Each scenario is recorded with two different backgrounds and under two different 
lighting conditions. The first background condition involves a plain tabletop 
with the subject wearing a texture-less t-shirt, while the second background 
condition involves the table covered with a graphics-printed tablecloth and 
the subject wearing a patterned shirt. The lighting conditions include ceiling 
room lights and controlled lights. The 95 configurations are executed by a 
different subject for each scenario and for each background/illumination condition.

The dataset is split into train set (9 containers, 684 configurations), 
public test set (3 unseen containers, 228 configurations), and private test set 
(3 unseen containers, 228 configurations). The containers for each set are 
evenly distributed among the three categories.
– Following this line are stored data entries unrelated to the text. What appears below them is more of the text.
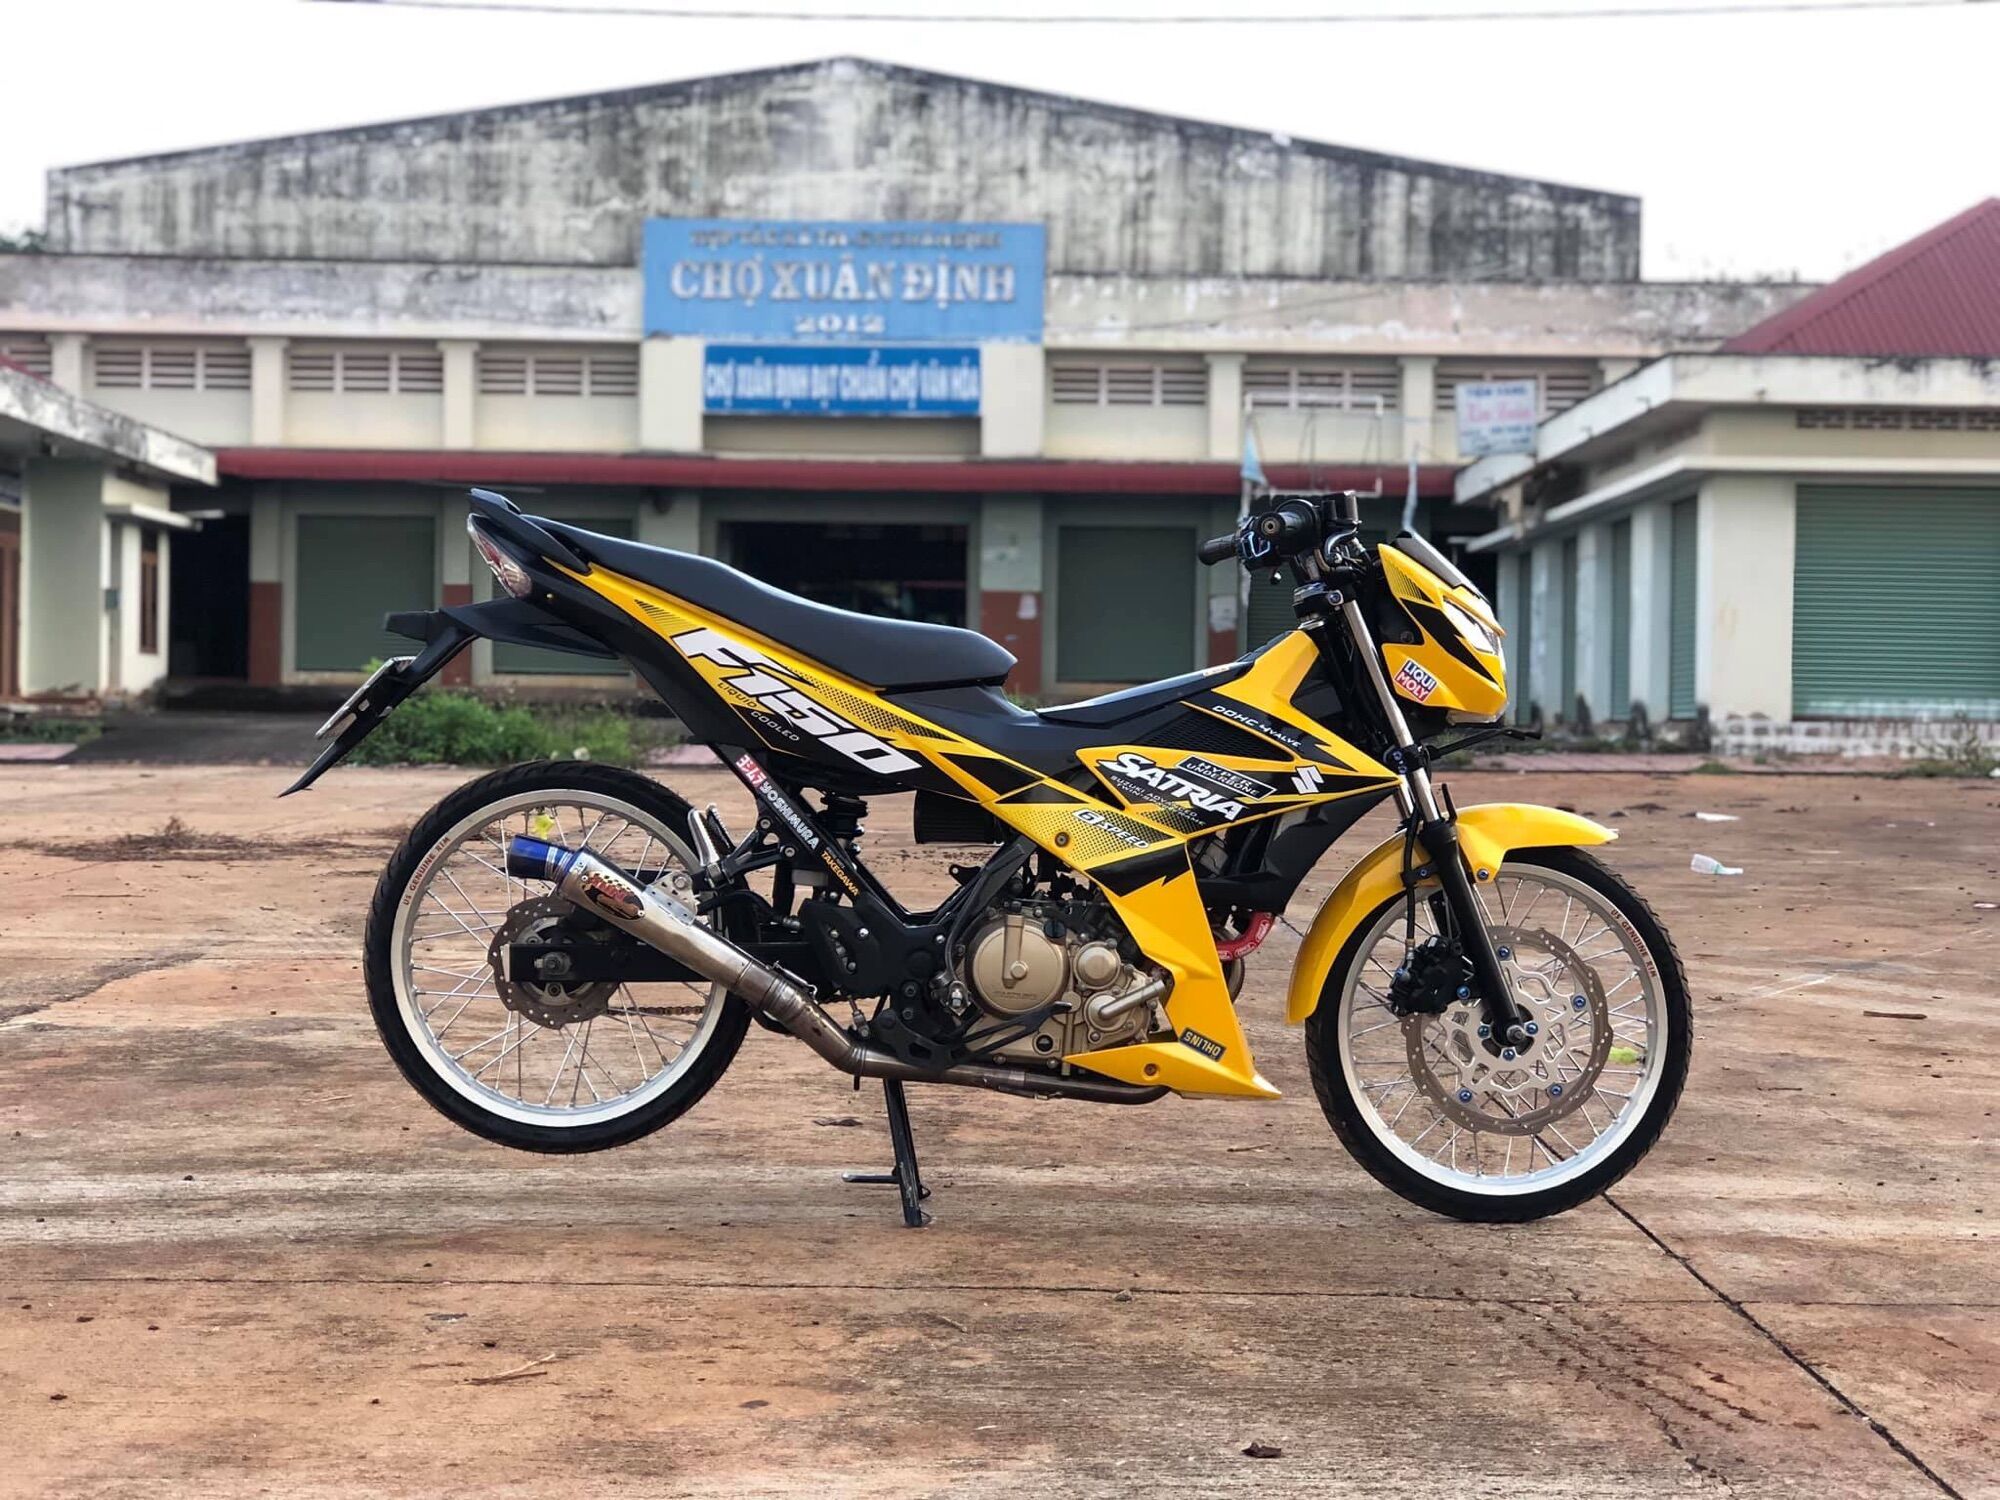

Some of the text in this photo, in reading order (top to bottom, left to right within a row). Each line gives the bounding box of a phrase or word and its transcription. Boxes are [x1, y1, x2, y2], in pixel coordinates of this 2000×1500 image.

[671, 252, 1016, 309] CHỢ XUÂN ĐỊNH
[1396, 671, 1429, 699] MOLY
[1404, 662, 1436, 690] LIQUI
[672, 628, 922, 774] F150
[717, 682, 757, 708] LIQUID
[750, 710, 800, 741] COOLED
[1212, 705, 1259, 726] DOHC
[1098, 752, 1250, 820] SATRIA
[1111, 775, 1145, 793] SUZUKI
[1186, 763, 1260, 796] UNDERBONE
[1198, 762, 1252, 787] HYPER
[760, 780, 820, 850] YOSHIMURA
[403, 836, 450, 905] US GENUINE RIM
[821, 851, 861, 897] TAKEGAWA
[1610, 909, 1621, 919] US
[1621, 921, 1648, 957] GENUINE
We provide to the participants 
the annotations of the capacity of the container, the filling type, the filling 
level, the mass of the container, the mass of the filling, the maximum width and 
height (and depth for boxes) of each container for the train set.

[CORSMAL Containers Manipulation webpage](http://corsmal.eecs.qmul.ac.uk/containers_manip.html)

## Download data

The data is provided as *.zip* files. Due to the size of some data, e.g. *depth*, they are provided as a sequence of zips (e.g., filename.z01, filename.z02) for each view. 
To unzip the file, you must download all the zip file for a single sequence. 
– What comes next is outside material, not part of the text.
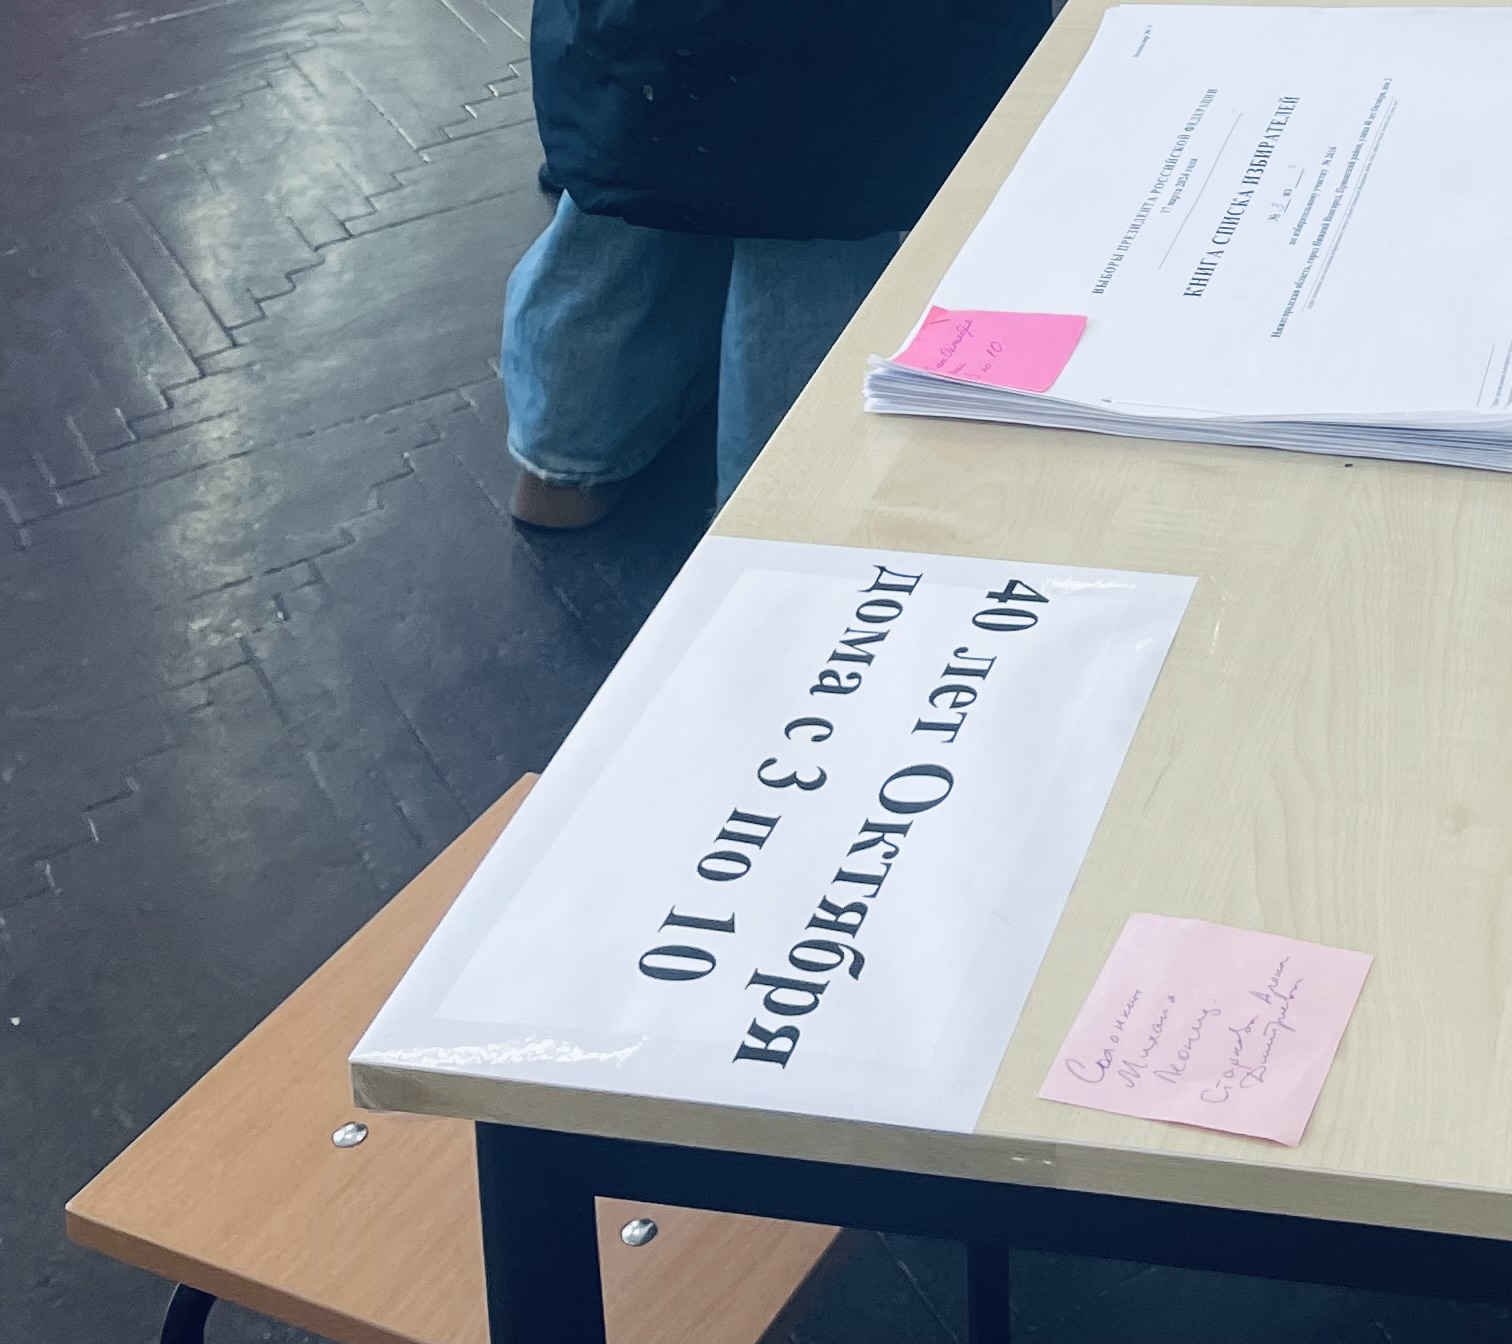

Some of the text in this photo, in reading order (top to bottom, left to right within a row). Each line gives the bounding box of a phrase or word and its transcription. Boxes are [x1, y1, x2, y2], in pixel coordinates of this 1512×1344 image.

[1092, 88, 1218, 295] ВЫБОРЫ ПРЕЗИДЕНТА РОССИЙСКОЙ ФЕДЕРАЦИИ
[1183, 96, 1300, 297] КНИГА СПИСКА ИЗБИРАТЕЛЕЙ
[637, 565, 925, 983] дома с 3 по 10
[732, 579, 1050, 1070] 40 лет Октября
To facilitate the download of the training and public test sets, scripts for Linux (*.sh*) and Windows (*.bat*) are provided. 
Given the large storage of the dataset, it is recommended to download only the necessary data.
Comment or comment out the rows corresponding to files and modalities you need to download. 

## Data organisation

The data is structured by camera view (1-4) and modality: video (RGB, depth, infrared, calibration, IMU) and audio. 
IMU (Inertial Measuremnet Unit) data consists of acceleremoter and gyroscope data over time. Note IMU is only provided for *View4*. 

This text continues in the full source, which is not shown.